10:09 – Maryland is beautiful walking around, but coming down those steps she was almost flashing hooch. Rhode Island might be our favorite – beautiful cut, beautiful color and not too skanky. Nevada’s Cleopatra look doesn’t do it for us.
10:15 – The Top 5 are Georgia, Nevada, Rhode Island (she looks like a little girl next to the first two, heh), Maryland (Rhode Island keeps looking shorter) and Ohio (really? In that dress?).
10:17 – Candid moment time. Nevada isn’t that quick on her feet, the final question may be interesting. Rhode Island gets to show off her brains a bit – again, why isn’t she in Miss America?
10:28 – Georgia gets a question about banning large sugary drinks in New York and she does OK. Doesn’t really say much.

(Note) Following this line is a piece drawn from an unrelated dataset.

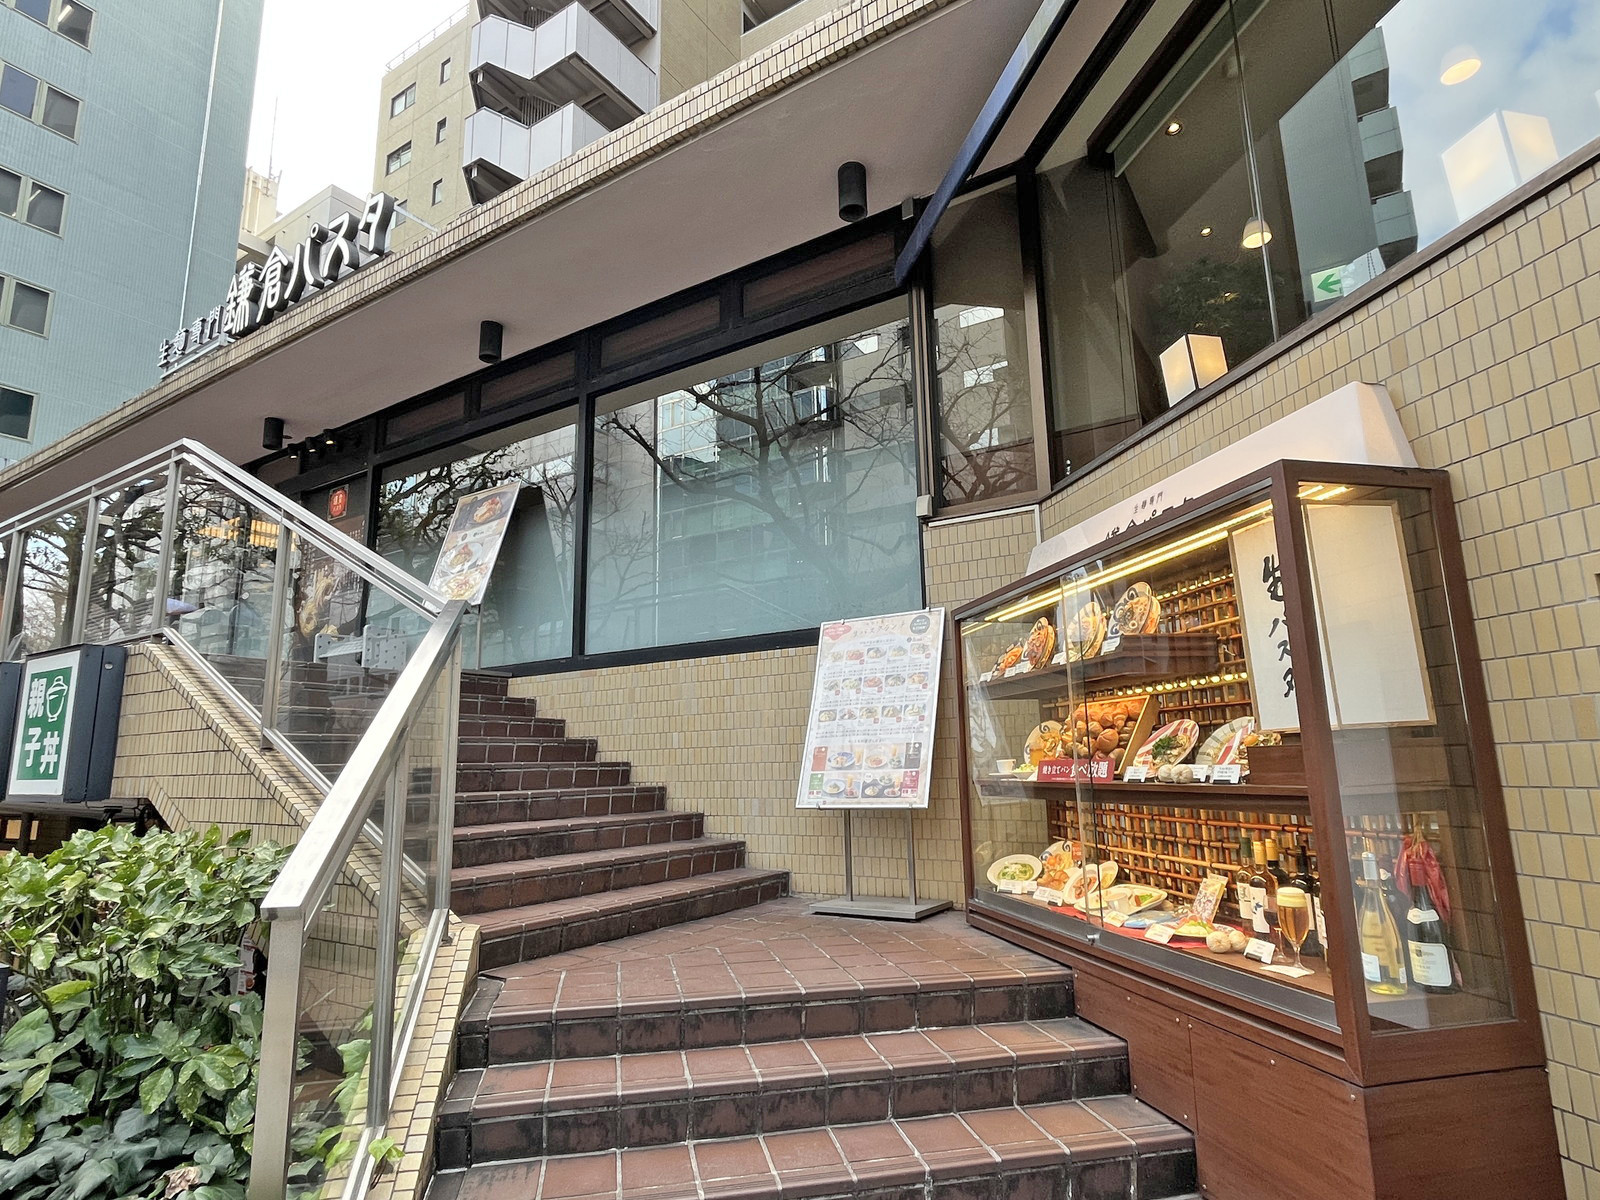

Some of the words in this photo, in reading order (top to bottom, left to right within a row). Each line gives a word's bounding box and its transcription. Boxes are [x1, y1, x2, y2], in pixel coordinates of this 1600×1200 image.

[224, 191, 393, 336] 鎌倉パスタ
[24, 677, 60, 775] 親子丼

10:30 – Nevada gets a question about Miss USAs not knowing the current Vice President and she makes excuses about being very tired. Um, that’s not an excuse. She at least knows Biden is the VP, we guess.
10:32 – Rhode Island gets a question about if it’s fair if a transgender woman to win Miss USA and she gives a great answer about acceptance and living a happier life. Rhode Island’s got our vote!
34 – Maryland gets a question about “Toddlers & Tiaras” and she doesn’t really answer the question that well. Finally, Ohio gets a question about women on TV and film and she is completely wishy-washy, then her example is about “Pretty Woman,” which is about a HOOKER who is saved by a man. OH. MY. GOD. Welcome to fourth runner-up, Ohio.
10:43 – Really? We get all the way to being ready to crown the winner and we have to sit through Akon? This pageant is ridiculous.
10:51 – NOW we have to sit through a video montage of Alyssa Campanella’s reign. At least she didn’t get a DUI, we guess.
10:54 – The accountant who delivers the final results is named Tall Goldhammer?! How is he not a porn star?
10:55 – The fourth runner-up is Georgia and third is Nevada. Wow, not Ohio? And then Ohio is second runner-up. Thank goodness.
10:56 – The last two are Maryland and Rhode Island and the next Miss USA is … (in the waiting period, we are struck by how much Rhode Island looks like Sarah Shahi) and then Rhode Island wins, Olivia Culpo! Wooo, way to go, girl.
Thanks for joining us tonight! We had fun.